How to Calculate and Project Revenue Growth

Patrick Ward Patrick Ward Follow Jan 24, 2023 · 11 mins read
How to Calculate and Project Revenue Growth

Calculating and projecting revenue growth are essential metrics to understanding the health of your business.

To figure out your current revenue growth, you subtract the most recent period you are looking at (month, quarter, or year) from the prior period and then divide the result by that same prior period. If you want a whole number, multiply the remaining value by 100. This number is your percentage of growth between these two periods.

The revenue growth formula is:

Revenue Growth Percentage = (Most recent time period revenue - prior time period revenue) / prior time period revenue * 100

Calculating revenue growth is fundamental for understanding the health of new businesses and established businesses launching new products. Projecting revenue growth is a tricky business but, if used correctly, can be an invaluable asset to a manager’s decision-making.

In this article, I will:

  1. Go deeper into understanding revenue growth metrics
  2. Provide you with a revenue growth google sheet
  3. Discuss the various approaches to projecting revenue growth
  4. Outline a few standard methodologies for projecting revenue growth

By the end of this article, you should better understand how to identify your revenue growth and have a solid framework to implement when you begin projecting your revenue growth rate. This guide is based on our experience as an app development agency, but applies to all business types from product businesses to productized services.

What is revenue growth?

Revenue growth is the percentage increase, or decrease, in all revenue-earning activities between two equal periods. Revenue earning activities are most commonly sales or service fees but can also be earnings on interest, rent, dividends, and a few less common activities.

Once you calculate revenue growth, you will know by how much the revenue of your business could grow or decline over subsequent periods.

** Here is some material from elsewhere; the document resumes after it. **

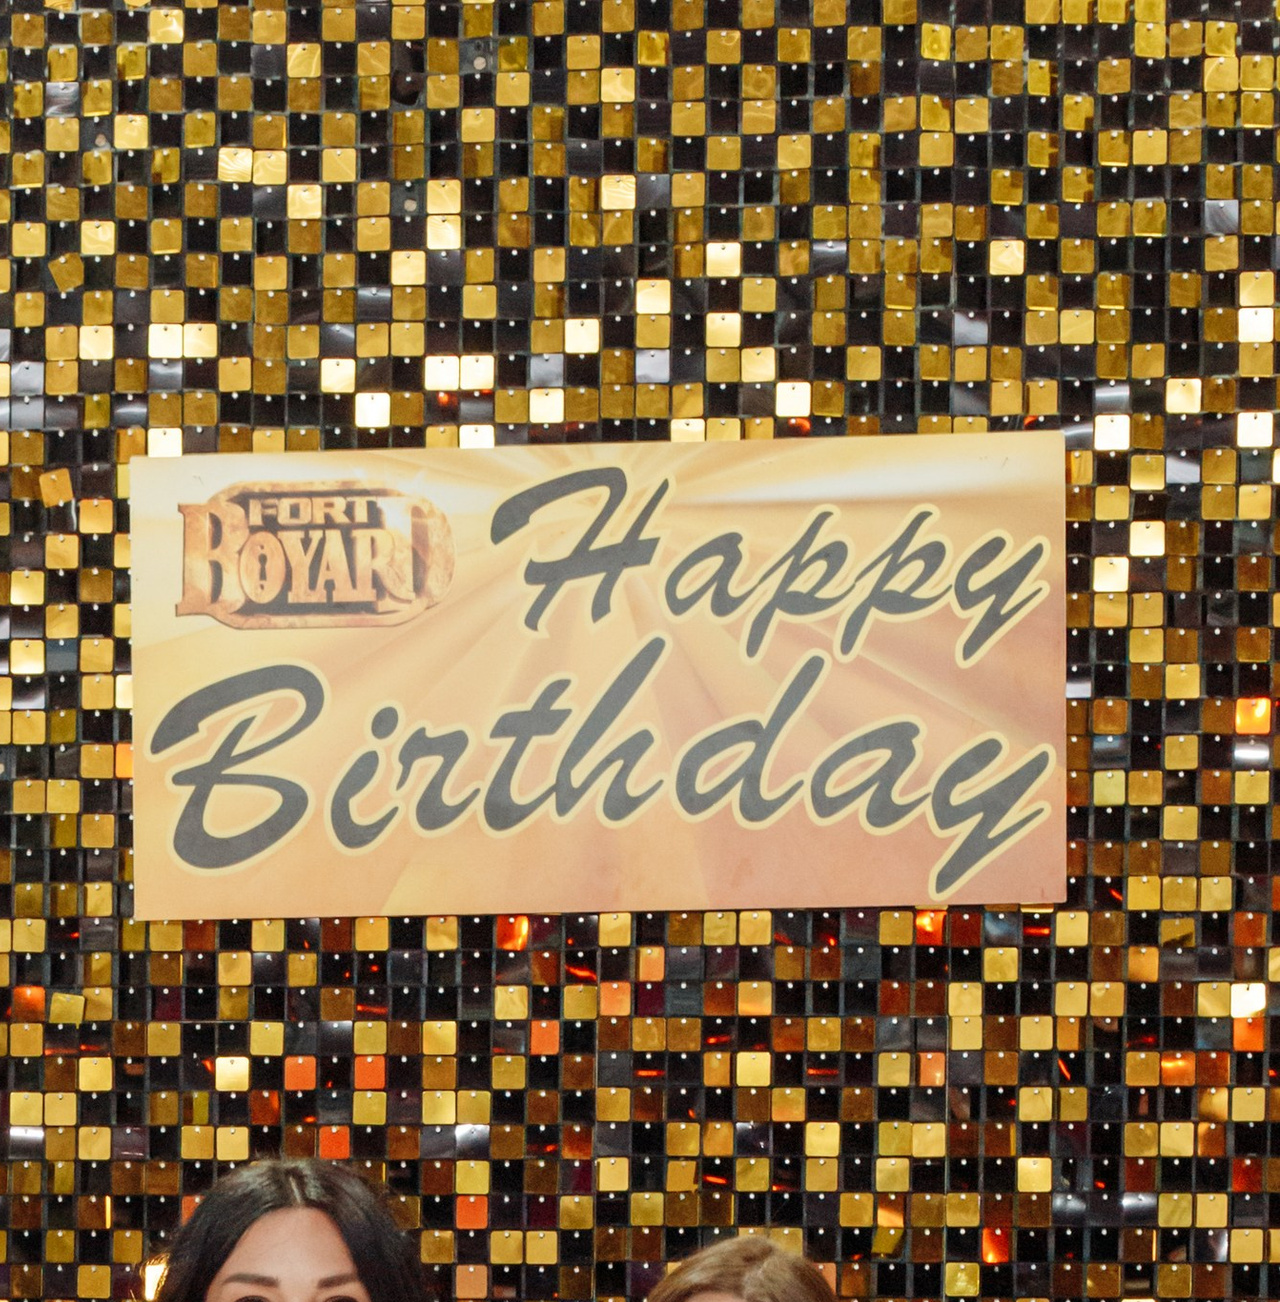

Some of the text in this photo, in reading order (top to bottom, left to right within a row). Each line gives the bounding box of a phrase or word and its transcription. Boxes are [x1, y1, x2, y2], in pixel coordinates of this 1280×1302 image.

For example, imagine you generate a revenue of $2 million for one year, and the following year your revenue is $3 million. Congratulations, your business had revenue growth of 50% year on year.

How to calculate revenue growth

To calculate the revenue growth rate as a percentage, you can use a streamlined formula like this:

Percent increase/decrease = (time period 1 - time period 2) / time period 2 * 100

Revenue growth formula

In algebra, the revenue growth formula is:

Percent = (x - y) / y * 100

Where x is the revenue of the most recent period, and y is the revenue in the previous period.

It’s important to note that the periods must be of equal size; a month must be compared to a subsequent month, a quarter to a quarter, and a year to a year.

Let’s look at an example of how revenue growth would look from one month to another. Say in your first month you have $1000 in revenue, in month two sales increase and in month three a slight decline.

PeriodJanFebMar
CPC$1.00$1.25$1
CR2.00%1.95%2.20%
CAC$50.00$64.10$54.55
Number of Conversions$32.0031$27.00

For February plugging in our data, the formula would look like this:

Revenue Growth = (1200 - 1000) / 1000 * 100

Revenue Growth = 20%

How to calculate revenue growth in Google Sheets

In Google Sheets, I have created a full-year template that you can plug your data into to find your current revenue growth rate. There are also quarterly revenue growth calculations for Q2, Q3, and Q4.

You can find the Revenue Growth Google Sheet here.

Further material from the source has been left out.